Altro focus da non trascurare riguarda la ricerca sulla salute di genere attraverso cui attivare percorsi di specializzazione per promuovere l’attività scientifica e di ricerca con un’ottica di genere, visto anche la sempre maggiore attenzione che viene posta su questa tematica nella valutazione dei progetti finanziati dalla Comunità europea. L’uso potenziato delle nuove tecnologie (telemedicina, fascicoli elettronici, nuovi percorsi dedicati alla salute di genere) potrà facilitare i processi di presa in carico, diagnosi e cura. 

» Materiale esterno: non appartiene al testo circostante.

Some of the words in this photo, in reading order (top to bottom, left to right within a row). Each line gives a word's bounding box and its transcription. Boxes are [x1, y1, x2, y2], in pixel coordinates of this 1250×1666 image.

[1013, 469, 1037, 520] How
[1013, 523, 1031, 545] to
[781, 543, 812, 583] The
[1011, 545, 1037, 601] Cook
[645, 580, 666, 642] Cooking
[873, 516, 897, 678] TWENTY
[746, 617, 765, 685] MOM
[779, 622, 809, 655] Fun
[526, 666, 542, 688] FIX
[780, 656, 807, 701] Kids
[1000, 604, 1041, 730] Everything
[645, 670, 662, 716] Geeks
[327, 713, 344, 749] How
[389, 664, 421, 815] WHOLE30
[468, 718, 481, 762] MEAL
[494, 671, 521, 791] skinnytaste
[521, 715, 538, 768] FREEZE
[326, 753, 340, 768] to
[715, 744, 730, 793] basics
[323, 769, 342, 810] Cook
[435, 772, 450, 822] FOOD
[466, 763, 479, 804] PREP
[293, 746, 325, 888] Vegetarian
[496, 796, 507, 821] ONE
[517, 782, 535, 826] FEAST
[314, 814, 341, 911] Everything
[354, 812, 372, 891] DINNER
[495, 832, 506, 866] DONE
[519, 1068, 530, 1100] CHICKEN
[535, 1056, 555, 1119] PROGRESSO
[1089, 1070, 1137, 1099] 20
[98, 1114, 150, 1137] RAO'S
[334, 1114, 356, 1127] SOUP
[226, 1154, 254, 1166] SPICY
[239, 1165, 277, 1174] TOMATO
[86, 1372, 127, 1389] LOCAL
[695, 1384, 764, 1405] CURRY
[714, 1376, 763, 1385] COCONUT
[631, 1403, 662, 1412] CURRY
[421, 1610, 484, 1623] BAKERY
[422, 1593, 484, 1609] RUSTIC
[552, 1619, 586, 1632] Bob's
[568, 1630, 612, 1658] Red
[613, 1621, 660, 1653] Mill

Le strutture di eccellenza presenti in Toscana devono poter servire tutto il territorio, attivando percorsi dedicati ai territori periferici o comunque distanti dalla specializzazione necessaria. Andranno altresì programmati in maniera diffusa percorsi formativi per il personale sanitario. La Regione potrebbe infine curare e co-finanziare un programma specifico da inserire nei temi di educazione alla salute proposti dalle SDS alle scuole per integrare i POF. Fondamentale è poi la comunicazione, sia per gli operatori che per i cittadini. Serve informare che esiste la medicina di genere e che esistono differenti sintomatologie oltre a diverse conseguenze per il controllo degli stili di vita. Altrettanto importante è comunicare questa visione di genere anche a chi opera nella programmazione dei servizi, nella pianificazione urbanistica, nell’associazionismo e nella società intera.